Rural Alaska

Federal judge overrules state attempt to block special hunt granted to Southeast Alaska tribe

JUNEAU - A judge has ruled that the federal government was correct in allowing a Southeast Alaska tribe to organize an out-of-season hunt because of the coronavirus pandemic.

Republican Gov. Mike Dunleavy’s administration sued to block future hunts, arguing that permitting a special moose and deer hunt this summer was overreach by federal authorities, CoastAlaska reported Monday.

District Court Judge Sharon Gleason denied a preliminary injunction that would have prevented special hunts in the future.

The Organized Village of Kake petitioned the Federal Subsistence Board for permission to hunt five deer and two moose out of season and distribute the meat within the community.

The federally recognized tribe on Kupreanof Island, south of Juneau, said it was alarmed by the low supply and high price of fresh meat that followed the outbreak of COVID-19.

The hunt was approved in June, but Alaska filed a lawsuit alleging federal officials illegally preempted the state’s rights to manage wildlife.

Alaska Assistant Attorney General Cheryl Brooking said there are narrow reasons for federal jurisdiction to supersede state management.


“When Alaska became a state, one of the main drivers of statehood was to get control over fish and game management because the feds were making a mess of it,” Brooking said. “But since statehood, the state has been the manager of fish and game.”

Brooking argued in court filings that the food security issue was never proven and that the federal government exceeded its authority.

Gleason’s ruling last week said federal officials took conservation and public safety concerns into account when they reached the decision to allow the hunt.

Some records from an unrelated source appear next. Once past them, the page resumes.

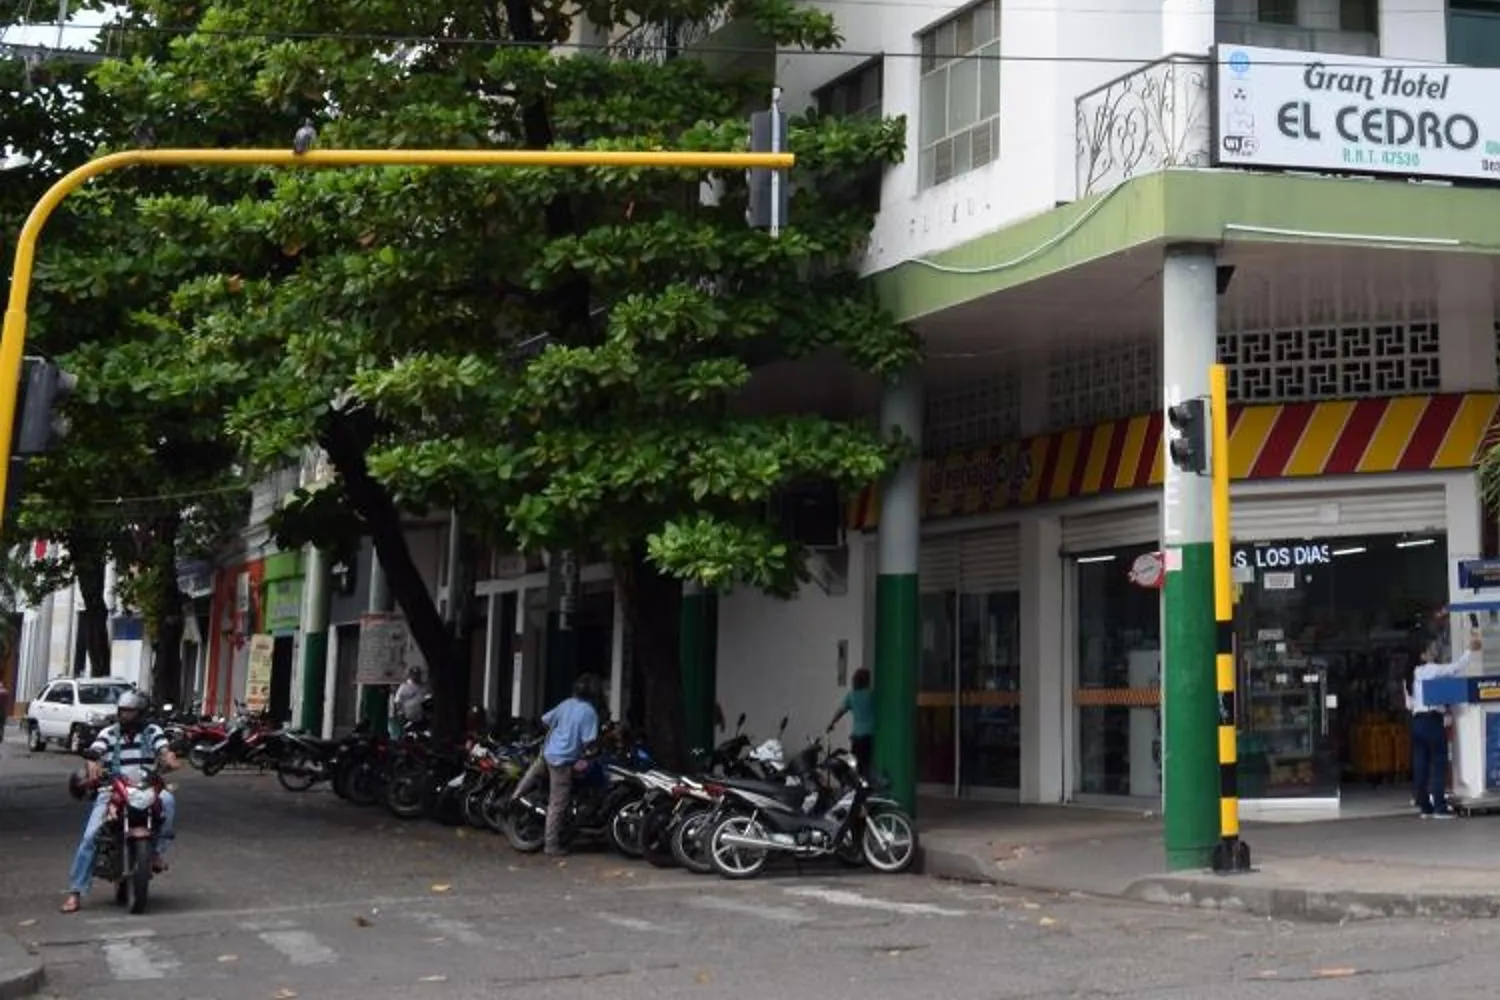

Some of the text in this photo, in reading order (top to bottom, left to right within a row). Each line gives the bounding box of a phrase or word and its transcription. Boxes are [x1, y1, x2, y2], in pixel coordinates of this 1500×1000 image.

[1303, 62, 1450, 100] Gran Hotel
[1277, 101, 1321, 140] EL
[1336, 106, 1479, 150] CEDRO
[1256, 547, 1290, 567] LOS
[1294, 545, 1330, 565] DIAS
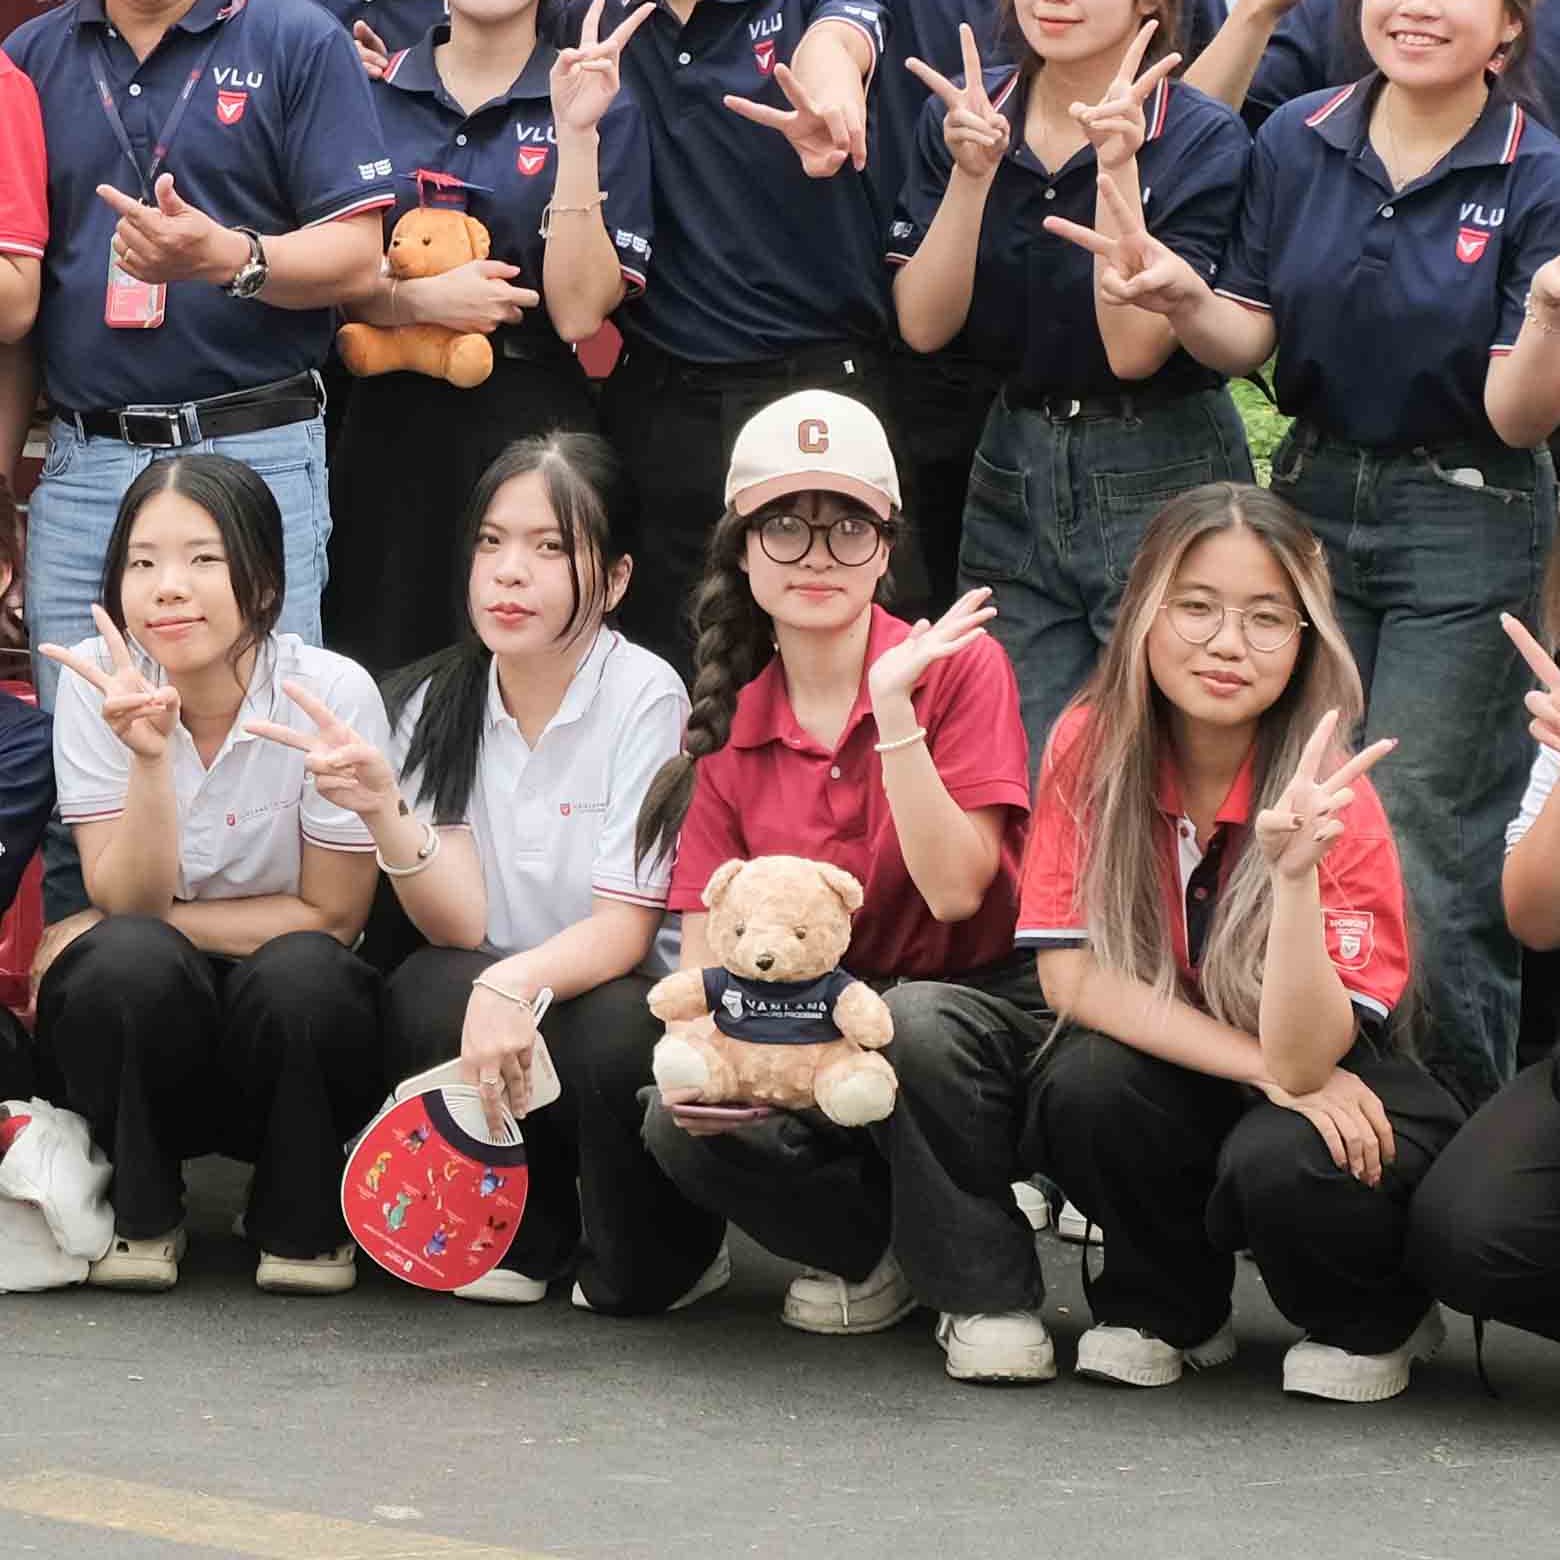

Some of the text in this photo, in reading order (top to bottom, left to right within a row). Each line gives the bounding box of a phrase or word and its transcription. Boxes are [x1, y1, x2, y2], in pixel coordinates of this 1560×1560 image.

[749, 12, 783, 40] VLU
[212, 66, 264, 89] VLU
[1458, 202, 1506, 228] VLU
[798, 418, 830, 454] C
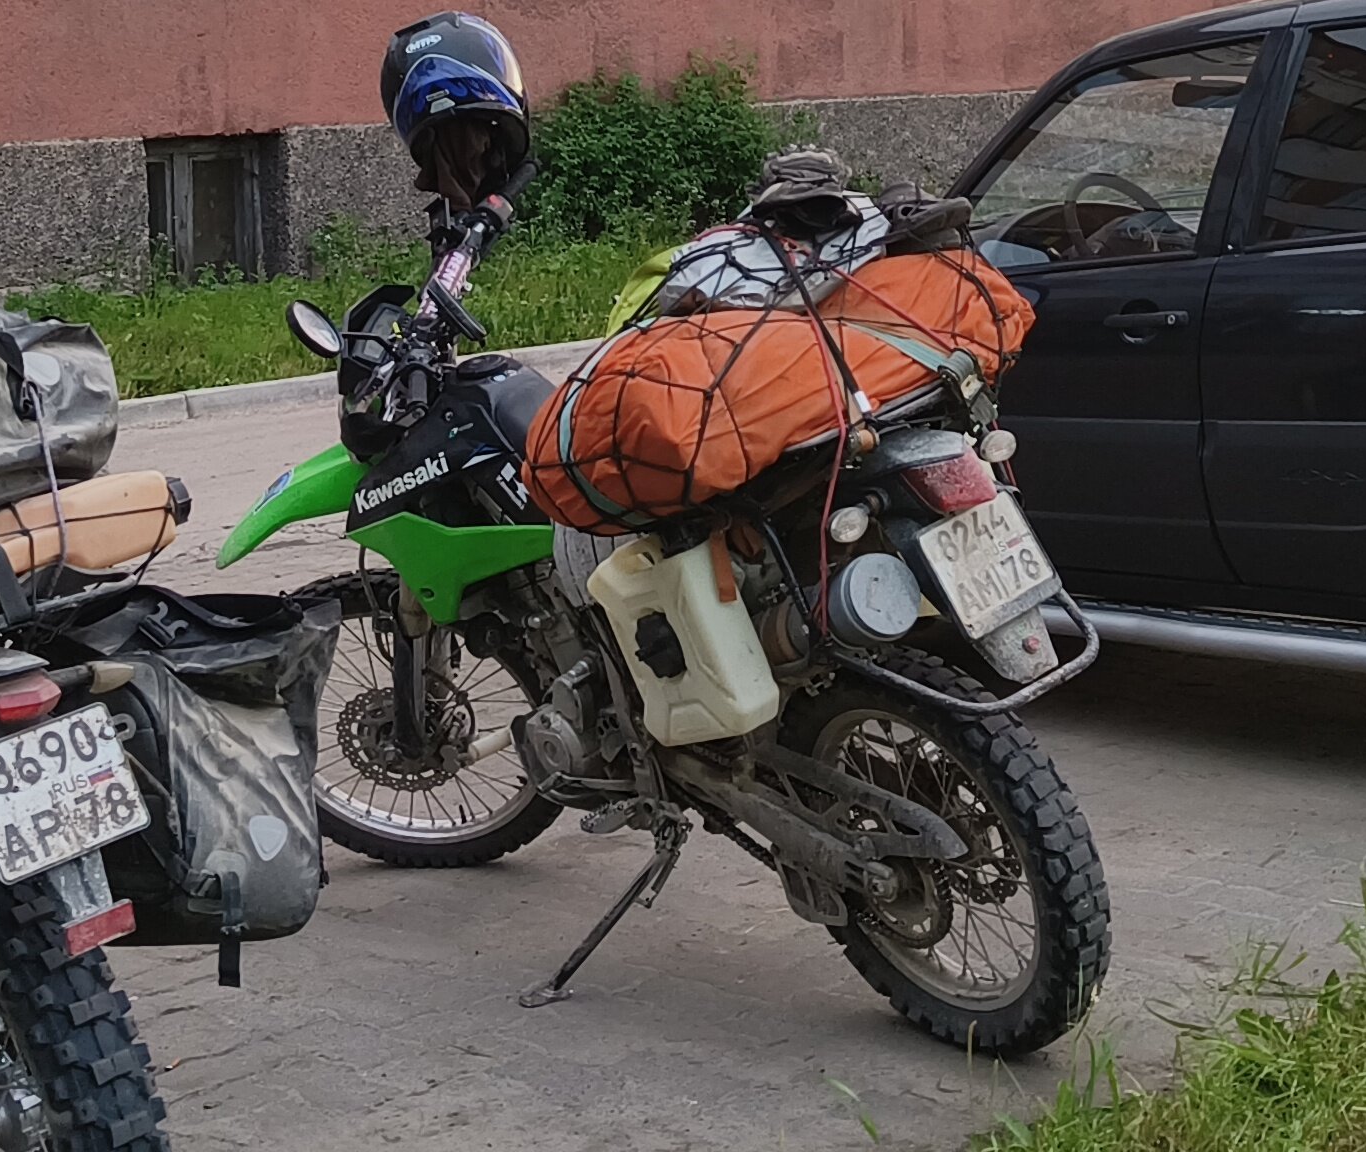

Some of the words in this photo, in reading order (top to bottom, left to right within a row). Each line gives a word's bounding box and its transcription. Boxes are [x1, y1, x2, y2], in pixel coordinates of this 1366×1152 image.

[354, 451, 450, 514] Kawasaki
[936, 503, 1011, 563] 8244
[999, 548, 1042, 590] 78
[50, 773, 89, 800] RUS
[4, 808, 63, 873] АР
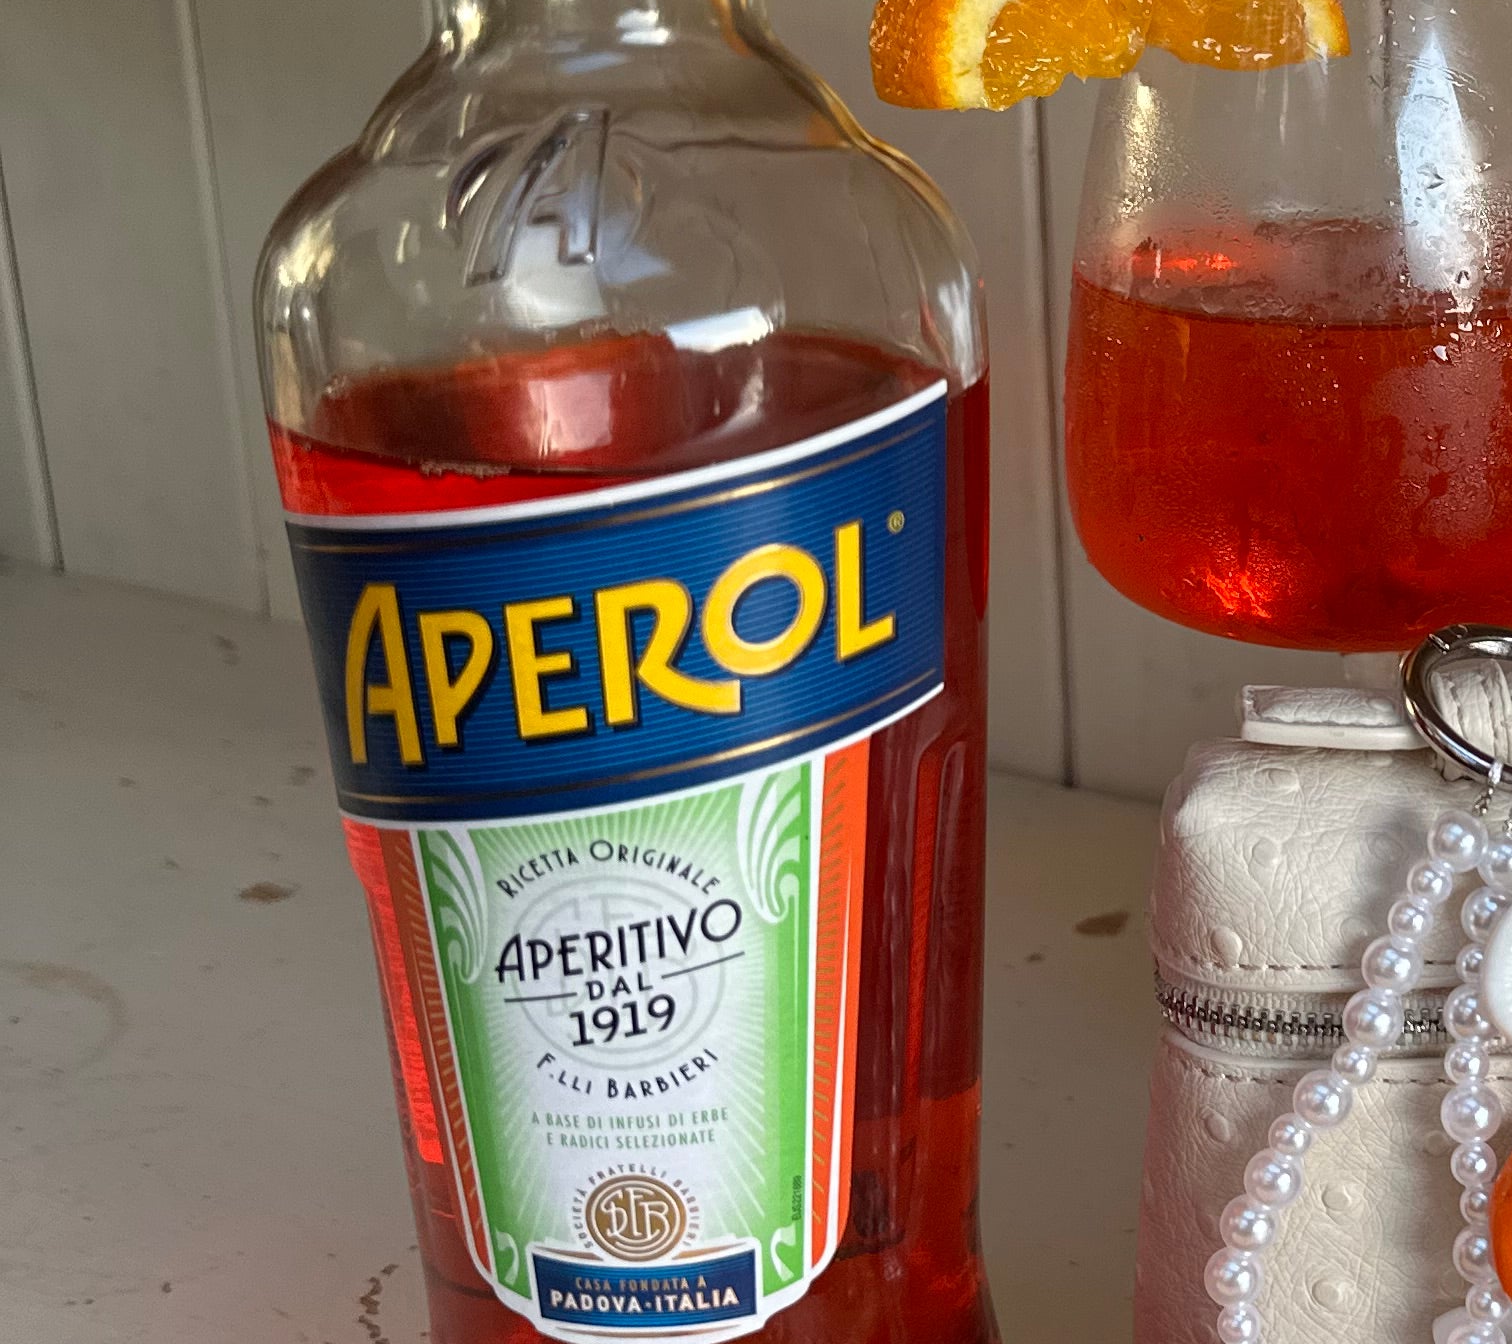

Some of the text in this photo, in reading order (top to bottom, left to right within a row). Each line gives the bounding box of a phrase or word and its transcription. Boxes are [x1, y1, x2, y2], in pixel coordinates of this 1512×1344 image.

[345, 521, 898, 768] APEROL
[496, 839, 720, 899] RICETTA ORIGINALE
[494, 898, 743, 984] APERITIVO
[585, 972, 653, 1001] DAL
[569, 993, 676, 1047] 1919
[607, 1048, 718, 1100] BARBIERI
[531, 1107, 729, 1129] A BASE DI INFUSI DI ERBE
[560, 1133, 609, 1149] RADICI
[616, 1128, 715, 1149] SELEZIONATE

State wildlife managers also did not respond when federal officials reached out to them, Gleason wrote.

The lawsuit will proceed as both sides file arguments ahead of a final ruling.

Kake Tribal President Joel Jackson said Alaska Natives never voluntarily ceded hunting and fishing rights on their traditional homelands and that he considers the matter an issue of tribal sovereignty.

“Of course, if we’re in a real bad situation, I wouldn’t hesitate to get a hunting party together, go out and get what we need,” Jackson said. “But I want to stay within the law.”